Bir İngiliz, bir Fransız, bir de Amerikalı olmak üzere sadece 3 yolcu sağ kalır.
Akıntı bu 3 yolcuyu Afrika kıtasının balta girmemiş ormanlarında yaşayan yamyam bir kabilenin bulunduğu kıyıya kadar sürükler.

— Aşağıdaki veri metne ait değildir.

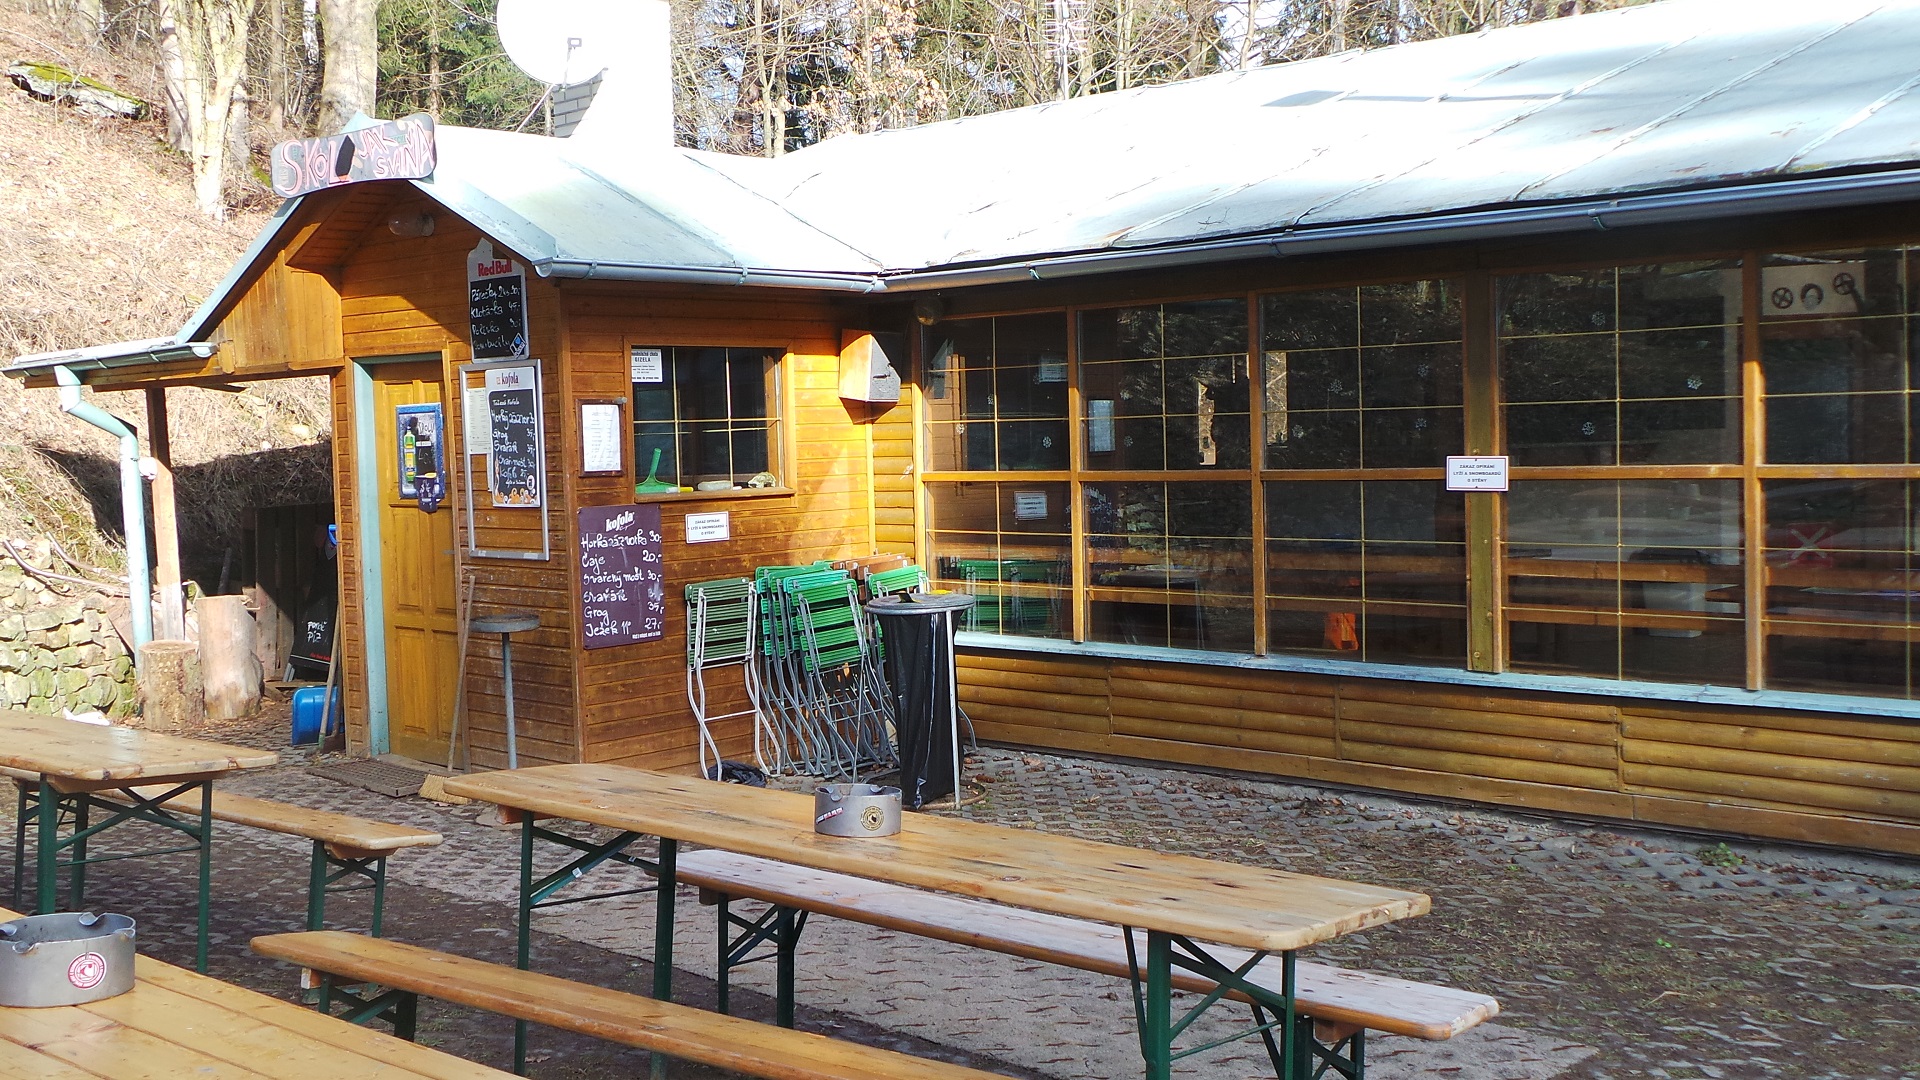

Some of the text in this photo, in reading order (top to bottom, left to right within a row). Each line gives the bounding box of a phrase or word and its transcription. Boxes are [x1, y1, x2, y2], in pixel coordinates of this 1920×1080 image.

Yamyamlar kumlar üzerinde yatan kazazedeleri tuttukları gibi kabile reisinin huzuruna çıkarırlar. Kabile reisi perişan bir halde duran 3 kişiden Fransız olanına yaklaşarak sorar:
- Ölüm mü, mokoko mu?
Bir an düşünen Fransız belki kurtulurum umuduyla cevap verir: - Mokoko!
Reis kabilesine dönüp seslenir: - Ooo, mokoko!..
O anda tamtamlar çalmaya, yamyamlar bağırarak dans etmeye başlarlar.
Sonra da kabiledeki bütün yamyamlar Fransız’a sırayla tecavüz ettikten sonra serbest bırakırlar.
Ertesi gün kalan iki kazazede bir defa daha kabile reisinin huzuruna çıkarılır.
Bu defa kabile reisi İngiliz kazazede ye sorar:
Ölüm mü, mokoko mu?
İngiliz kazazede Fransız arkadaşı gibi yaşamı seçer ve der ki;
-Mokoko!
Reis kabilesine bir defa daha dönüp seslenir:
- Ooo, Mokoko!..
Aynı işlem İngiliz kazazede için yapıldıktan sonra o da serbest bırakılır.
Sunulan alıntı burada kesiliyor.